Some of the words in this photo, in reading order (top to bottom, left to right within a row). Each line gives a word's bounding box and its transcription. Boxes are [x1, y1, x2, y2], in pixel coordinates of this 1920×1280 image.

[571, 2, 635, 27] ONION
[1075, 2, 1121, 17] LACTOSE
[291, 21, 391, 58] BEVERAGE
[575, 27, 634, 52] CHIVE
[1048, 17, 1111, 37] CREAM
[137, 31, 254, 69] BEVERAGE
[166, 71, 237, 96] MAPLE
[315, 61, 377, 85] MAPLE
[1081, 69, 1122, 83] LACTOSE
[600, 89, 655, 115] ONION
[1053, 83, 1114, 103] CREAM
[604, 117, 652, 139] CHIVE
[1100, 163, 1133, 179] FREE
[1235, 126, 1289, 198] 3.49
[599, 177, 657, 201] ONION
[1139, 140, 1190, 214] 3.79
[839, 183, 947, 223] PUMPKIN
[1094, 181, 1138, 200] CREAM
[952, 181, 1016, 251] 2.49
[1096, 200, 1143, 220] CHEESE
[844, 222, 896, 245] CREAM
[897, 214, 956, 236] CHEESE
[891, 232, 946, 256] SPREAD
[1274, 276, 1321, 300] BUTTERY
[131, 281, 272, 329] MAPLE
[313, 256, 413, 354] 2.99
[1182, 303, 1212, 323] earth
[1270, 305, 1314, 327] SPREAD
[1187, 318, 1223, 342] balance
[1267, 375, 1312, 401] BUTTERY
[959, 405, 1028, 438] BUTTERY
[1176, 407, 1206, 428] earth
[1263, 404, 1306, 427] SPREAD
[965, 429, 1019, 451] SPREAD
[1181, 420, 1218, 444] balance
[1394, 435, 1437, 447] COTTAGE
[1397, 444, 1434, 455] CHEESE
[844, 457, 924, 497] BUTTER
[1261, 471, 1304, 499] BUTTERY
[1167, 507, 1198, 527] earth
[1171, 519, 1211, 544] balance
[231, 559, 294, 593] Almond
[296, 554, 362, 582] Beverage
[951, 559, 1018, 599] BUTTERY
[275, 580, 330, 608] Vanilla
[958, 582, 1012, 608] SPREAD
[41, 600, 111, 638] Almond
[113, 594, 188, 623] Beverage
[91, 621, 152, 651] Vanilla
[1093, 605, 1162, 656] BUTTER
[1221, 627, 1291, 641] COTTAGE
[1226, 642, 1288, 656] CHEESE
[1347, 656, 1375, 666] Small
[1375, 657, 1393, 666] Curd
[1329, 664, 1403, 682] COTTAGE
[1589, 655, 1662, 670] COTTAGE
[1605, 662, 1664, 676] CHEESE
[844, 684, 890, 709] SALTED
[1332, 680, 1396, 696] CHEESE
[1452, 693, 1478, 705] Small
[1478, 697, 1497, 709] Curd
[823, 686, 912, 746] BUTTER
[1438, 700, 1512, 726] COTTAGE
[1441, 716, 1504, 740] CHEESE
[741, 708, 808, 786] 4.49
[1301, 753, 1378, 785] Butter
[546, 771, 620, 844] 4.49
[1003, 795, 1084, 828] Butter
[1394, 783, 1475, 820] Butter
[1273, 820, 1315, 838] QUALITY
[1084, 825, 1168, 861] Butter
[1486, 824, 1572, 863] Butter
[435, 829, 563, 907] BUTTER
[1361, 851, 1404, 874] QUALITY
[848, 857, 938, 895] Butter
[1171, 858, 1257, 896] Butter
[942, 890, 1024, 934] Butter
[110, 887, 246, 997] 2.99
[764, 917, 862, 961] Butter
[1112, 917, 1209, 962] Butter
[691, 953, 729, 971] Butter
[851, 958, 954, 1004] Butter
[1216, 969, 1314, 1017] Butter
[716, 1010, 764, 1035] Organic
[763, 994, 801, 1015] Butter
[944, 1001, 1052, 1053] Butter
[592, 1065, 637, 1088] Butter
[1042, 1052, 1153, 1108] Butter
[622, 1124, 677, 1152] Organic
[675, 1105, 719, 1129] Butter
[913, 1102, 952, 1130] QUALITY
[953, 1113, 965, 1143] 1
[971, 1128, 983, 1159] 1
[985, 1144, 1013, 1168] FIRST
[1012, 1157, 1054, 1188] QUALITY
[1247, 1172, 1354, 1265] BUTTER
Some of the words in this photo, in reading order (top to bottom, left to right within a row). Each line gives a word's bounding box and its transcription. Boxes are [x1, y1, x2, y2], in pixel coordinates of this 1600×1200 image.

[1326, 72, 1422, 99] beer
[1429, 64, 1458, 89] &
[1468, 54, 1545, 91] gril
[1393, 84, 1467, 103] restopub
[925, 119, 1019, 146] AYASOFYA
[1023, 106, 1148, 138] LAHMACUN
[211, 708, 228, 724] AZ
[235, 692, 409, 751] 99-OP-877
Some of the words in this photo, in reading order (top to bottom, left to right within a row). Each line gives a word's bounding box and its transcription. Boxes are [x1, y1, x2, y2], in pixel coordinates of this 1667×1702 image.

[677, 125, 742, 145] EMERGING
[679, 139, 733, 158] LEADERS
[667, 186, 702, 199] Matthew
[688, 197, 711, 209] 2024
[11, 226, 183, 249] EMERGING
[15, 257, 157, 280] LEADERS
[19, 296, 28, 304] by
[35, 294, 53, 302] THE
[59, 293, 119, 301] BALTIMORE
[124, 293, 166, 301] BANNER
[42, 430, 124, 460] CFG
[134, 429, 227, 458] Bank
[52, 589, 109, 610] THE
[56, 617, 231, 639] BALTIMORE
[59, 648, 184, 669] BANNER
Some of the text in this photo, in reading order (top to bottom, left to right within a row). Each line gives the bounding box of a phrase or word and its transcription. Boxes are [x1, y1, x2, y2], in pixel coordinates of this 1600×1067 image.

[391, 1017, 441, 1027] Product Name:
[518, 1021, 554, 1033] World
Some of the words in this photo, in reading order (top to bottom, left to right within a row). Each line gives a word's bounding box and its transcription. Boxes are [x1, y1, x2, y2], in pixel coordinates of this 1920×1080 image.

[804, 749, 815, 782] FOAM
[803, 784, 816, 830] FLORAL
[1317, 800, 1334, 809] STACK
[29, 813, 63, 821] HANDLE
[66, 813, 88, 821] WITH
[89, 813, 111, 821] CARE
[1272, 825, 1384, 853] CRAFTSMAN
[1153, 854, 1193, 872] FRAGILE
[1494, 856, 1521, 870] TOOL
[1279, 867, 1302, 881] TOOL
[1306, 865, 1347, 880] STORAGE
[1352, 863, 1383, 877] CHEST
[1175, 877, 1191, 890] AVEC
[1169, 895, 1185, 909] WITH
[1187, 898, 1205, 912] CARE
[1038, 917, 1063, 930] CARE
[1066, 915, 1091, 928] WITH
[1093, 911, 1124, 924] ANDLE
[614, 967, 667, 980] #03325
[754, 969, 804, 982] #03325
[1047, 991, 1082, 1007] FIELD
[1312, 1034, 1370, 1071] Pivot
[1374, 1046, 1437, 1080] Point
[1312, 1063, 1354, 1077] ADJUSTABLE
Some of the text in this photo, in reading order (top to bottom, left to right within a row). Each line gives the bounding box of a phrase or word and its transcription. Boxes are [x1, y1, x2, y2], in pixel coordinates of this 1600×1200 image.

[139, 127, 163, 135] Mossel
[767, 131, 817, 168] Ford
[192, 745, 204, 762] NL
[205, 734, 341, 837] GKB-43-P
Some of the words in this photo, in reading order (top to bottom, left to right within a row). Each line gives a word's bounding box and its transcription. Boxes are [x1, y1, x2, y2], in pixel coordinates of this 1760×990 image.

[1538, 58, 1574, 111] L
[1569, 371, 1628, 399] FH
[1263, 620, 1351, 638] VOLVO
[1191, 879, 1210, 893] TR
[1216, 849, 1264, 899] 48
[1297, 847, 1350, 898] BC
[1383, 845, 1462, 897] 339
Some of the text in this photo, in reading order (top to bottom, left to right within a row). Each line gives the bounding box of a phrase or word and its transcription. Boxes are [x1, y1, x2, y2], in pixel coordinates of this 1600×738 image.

What is being asked: Reproduce the records above exactly, starting with the line that contains "this 1760×990 image." and ending with the last line.

Result:
Some of the words in this photo, in reading order (top to bottom, left to right within a row). Each line gives a word's bounding box and its transcription. Boxes are [x1, y1, x2, y2], in pixel coordinates of this 1760×990 image.

[1538, 58, 1574, 111] L
[1569, 371, 1628, 399] FH
[1263, 620, 1351, 638] VOLVO
[1191, 879, 1210, 893] TR
[1216, 849, 1264, 899] 48
[1297, 847, 1350, 898] BC
[1383, 845, 1462, 897] 339
Some of the text in this photo, in reading order (top to bottom, left to right within a row). Each line gives the bounding box of a phrase or word and its transcription. Boxes are [x1, y1, x2, y2], in pixel coordinates of this 1600×738 image.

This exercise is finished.